Asylanträge in Deutschland: Viele Flüchtlinge klagen gegen Asylbescheid - mit Erfolg

Die Zahl der Einsprüche gegen Asylentscheidungen des Bundesamts für Migration und Flucht nehmen deutlich zu. Dadurch steigen auch die Kosten.

Immer mehr Flüchtlinge klagen gegen ihren Asylbescheid und sind damit erfolgreich. Wie das Bundesamt für Migration und Flüchtlinge (Bamf) auf Anfrage des NDR mitteilte, wurden von Januar bis Ende Juli 2017 insgesamt knapp 445.000 Entscheidungen getroffen. Im gleichen Zeitraum zogen in rund 220.000 Fällen Asylsuchende vor Gericht. 2016 hatte das Verhältnis noch bei vier zu eins gelegen. Zudem stieg die Zahl der positiven Urteile: Im ersten Halbjahr 2017 gaben deutschen Gerichte mehr als jedem vierten Kläger recht. Im gesamten Vorjahr sei dies nur bei etwas mehr als jedem zehnten Kläger der Fall gewesen.
Das Bamf kosteten die Klagen gegen die Asylentscheidungen in diesem Jahr fast 20 Millionen Euro. Somit haben sich die Ausgaben für Asylklagen im Vergleich zum Vorjahr nahezu verdoppelt, wie NDR Info berichtete.

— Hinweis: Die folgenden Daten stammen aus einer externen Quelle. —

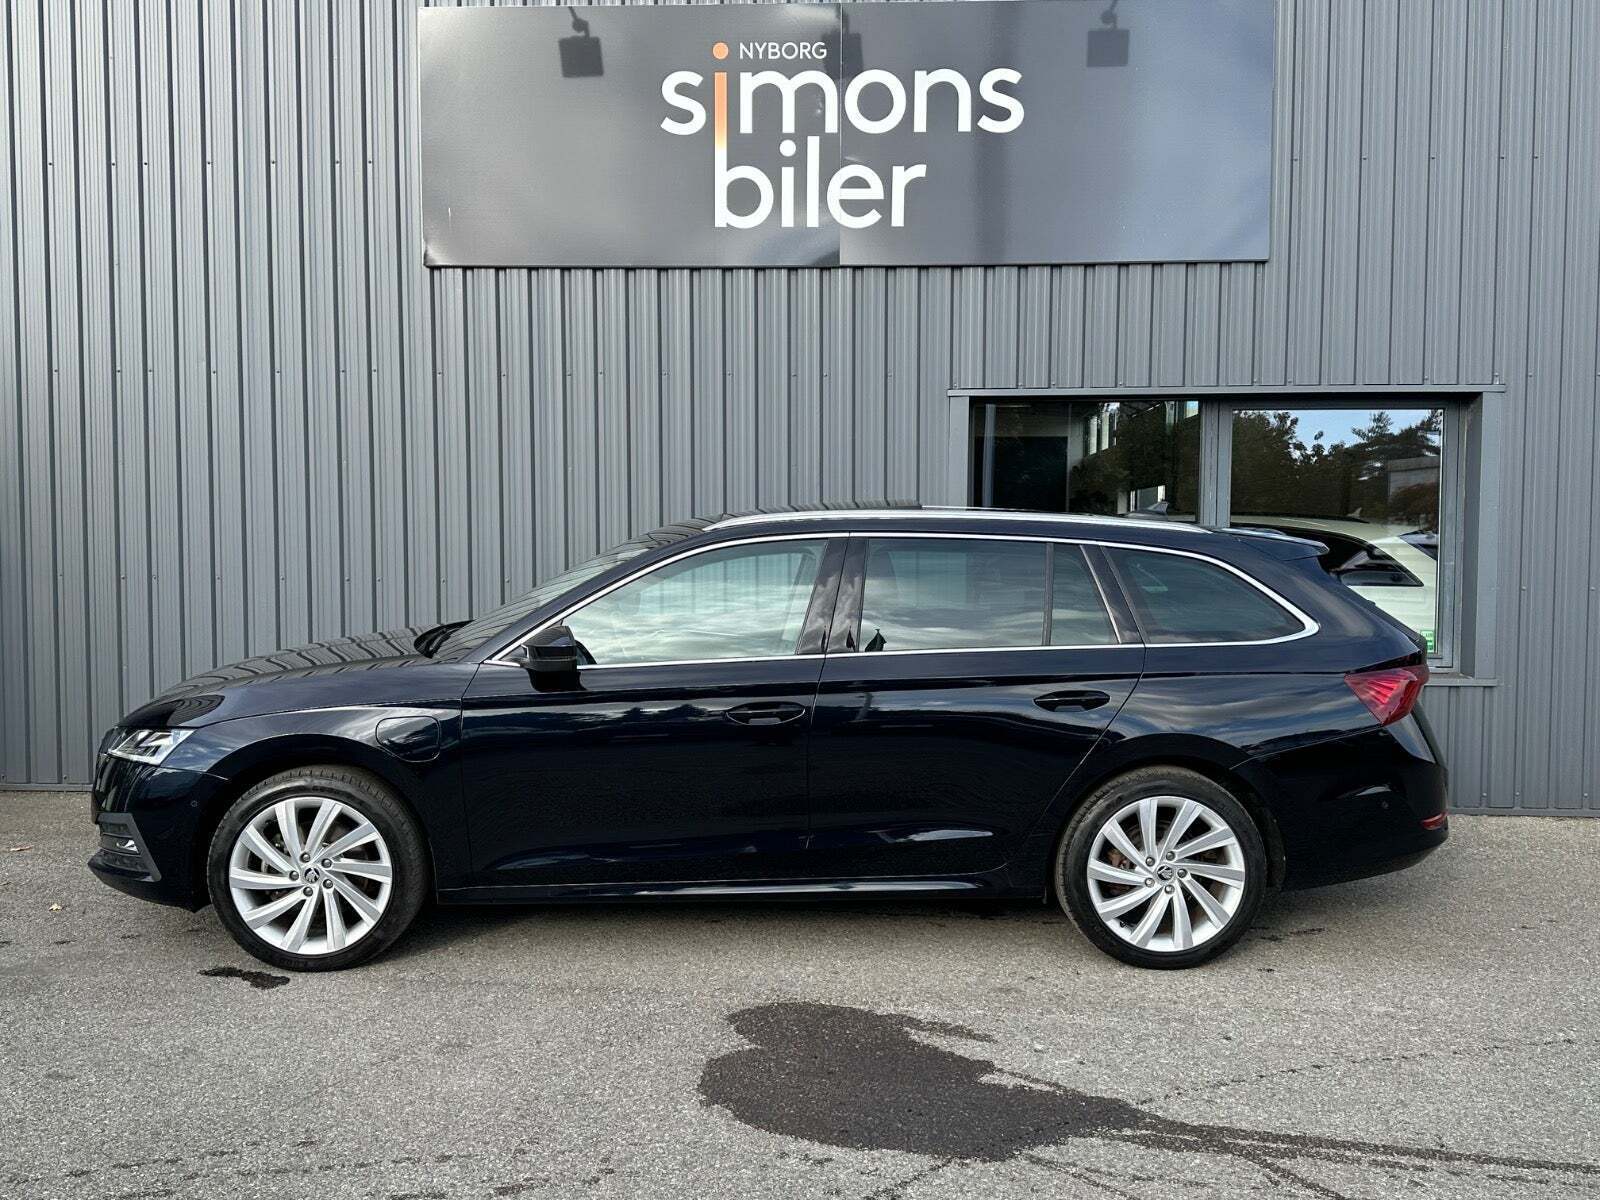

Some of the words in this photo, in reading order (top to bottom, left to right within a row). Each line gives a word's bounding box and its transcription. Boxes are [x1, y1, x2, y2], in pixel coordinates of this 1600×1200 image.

[660, 42, 1025, 136] simons
[738, 42, 828, 60] NYBORG
[714, 135, 927, 229] biler

Für Burkhard Lange, Sprecher des Verwaltungsgerichts Hannover, birgt die hohe Anzahl der bearbeiteten Fälle auch ein hohes Fehlerrisiko. Häufig entscheiden nach seiner Einschätzung Formfehler über den Ausgang eines Verfahrens. „Mit dem hohen Output der Entscheidungen hat die Bearbeitungssorgfalt beim Bamf etwas nachgelassen“, sagte er. Das Bundesinnenministerium bezeichnete den Anstieg der Entscheidungszahlen als „nicht überraschend“ und „absehbar“.

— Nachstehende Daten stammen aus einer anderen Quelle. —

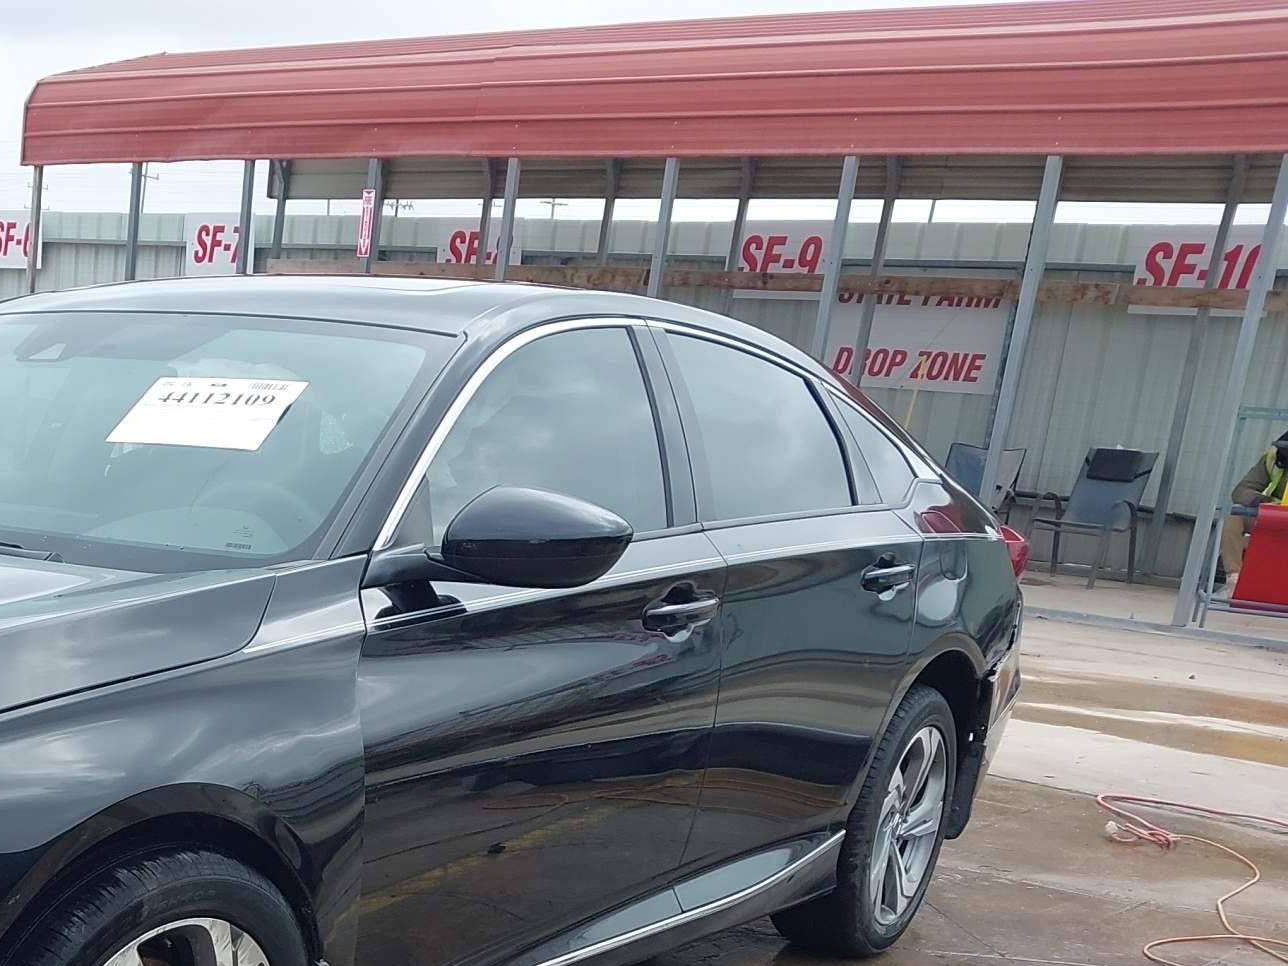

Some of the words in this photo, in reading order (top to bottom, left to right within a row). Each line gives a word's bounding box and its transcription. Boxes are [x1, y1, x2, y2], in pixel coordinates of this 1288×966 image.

[737, 234, 823, 274] SF-9
[909, 350, 987, 383] ZONE
[158, 391, 276, 406] 44112109

Deutschland bearbeitet mehr Asylanträge als die ganze EU zusammen

Nach Angaben des EU-Statistikamtes Eurostat hat Deutschland zwischen Januar und Anfang Juli zudem mehr Asylentscheidungen getroffen als in den übrigen 27 EU-Staaten zusammen. Demnach standen im ersten Halbjahr 2017 den 357.625 in Deutschland getroffenen Entscheidungen insgesamt 199.405 Entscheidungen in den übrigen 27 EU-Staaten gegenüber. Nach Deutschland sind laut Eurostat mit einigem Abstand am meisten Erstanträge in Frankreich gestellt worden. Von den rund 50.400 Anträgen wurden dort allerdings nur 16.600 bewilligt, wie die EU-Statistik zeigte.

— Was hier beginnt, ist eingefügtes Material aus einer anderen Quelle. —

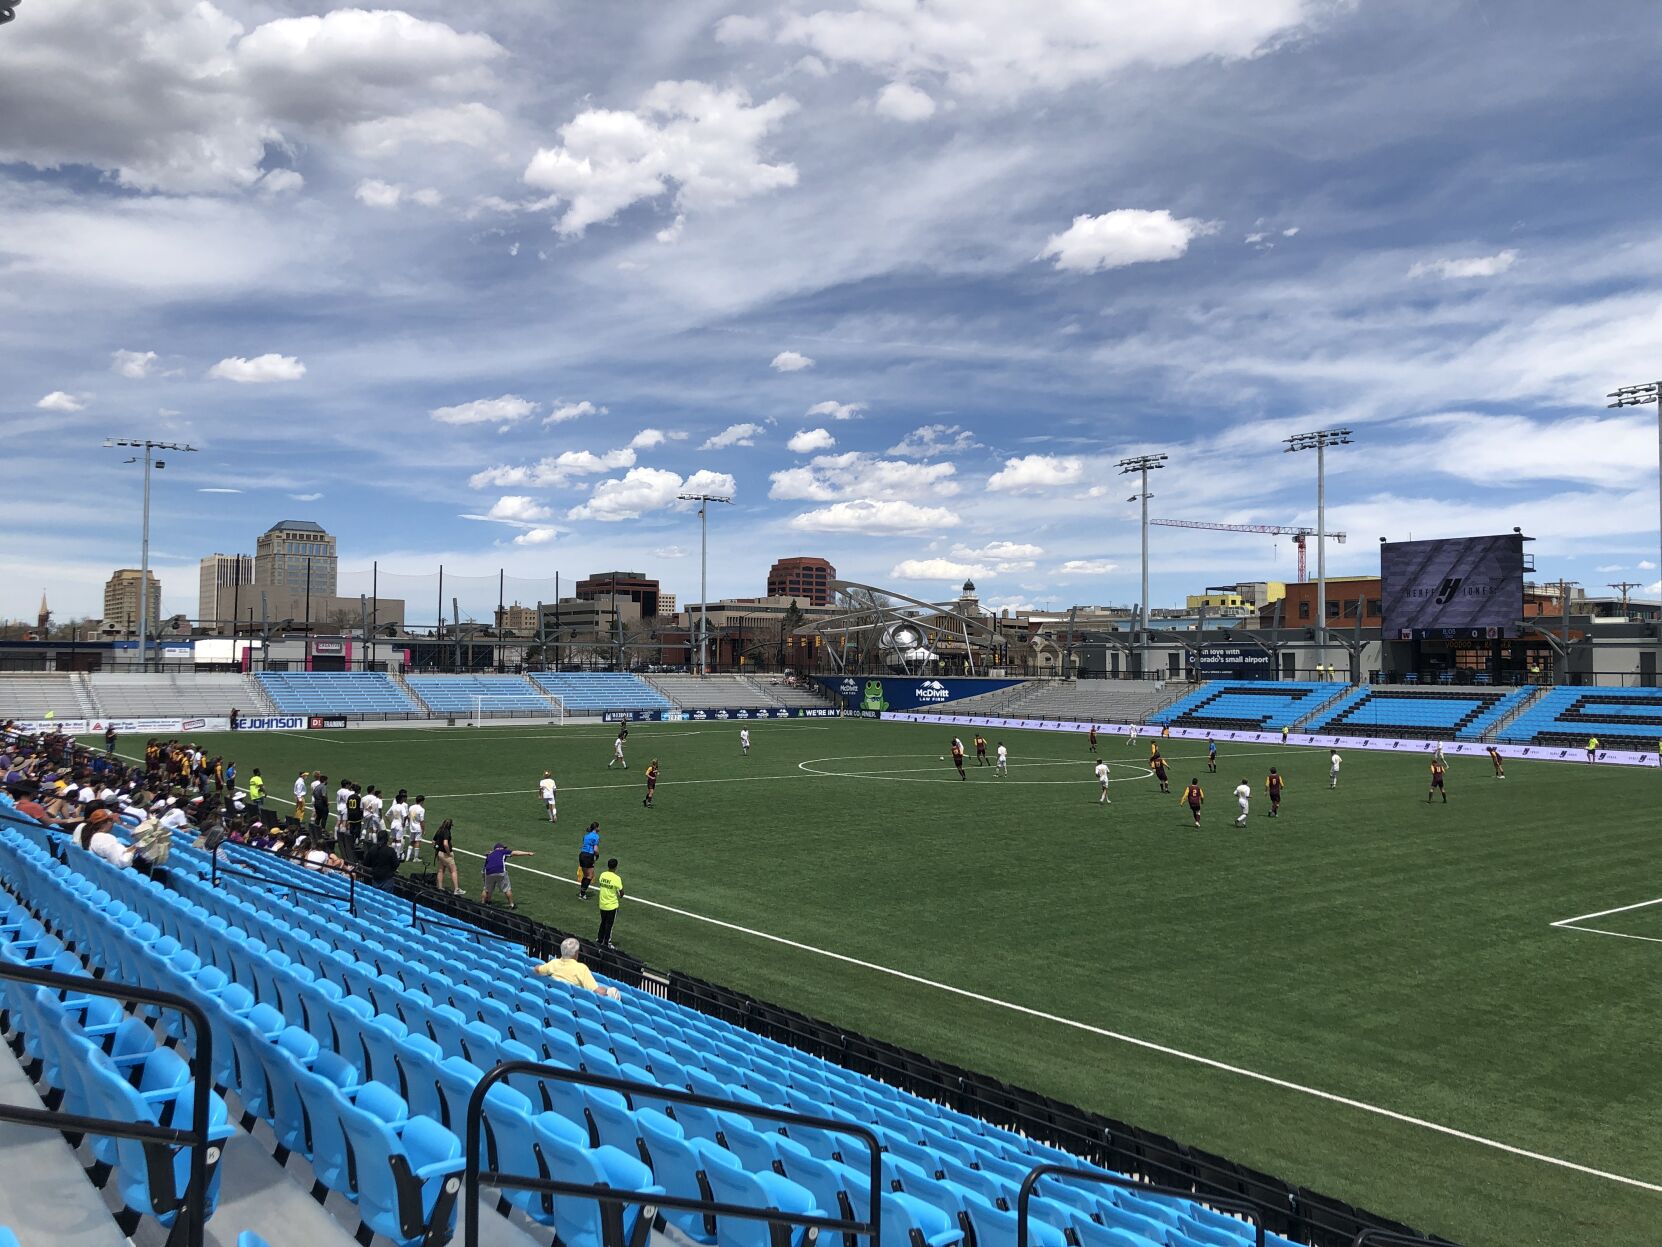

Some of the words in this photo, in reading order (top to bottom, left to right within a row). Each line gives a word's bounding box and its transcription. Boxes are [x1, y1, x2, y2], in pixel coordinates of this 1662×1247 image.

[1471, 630, 1478, 638] 0
[1189, 655, 1225, 663] Corado's
[1244, 656, 1269, 664] airport
[915, 689, 949, 697] McDivitt
[247, 717, 303, 729] JOHNSON

Ähnlich sieht es für Italien, Österreich und Schweden aus. Kleinere Staaten vor allem in Osteuropa registrierten laut Eurostat nur eine geringe Anzahl von Asylanträgen. In Kroatien seien 245, in der Slowakei 60 und Slowenien 150 Anträge gestellt worden. Das Schlusslicht in der EU bilde das Fürstentum Liechtenstein, das im ersten Halbjahr des laufenden Jahres 15 Asylbewerber gezählt habe.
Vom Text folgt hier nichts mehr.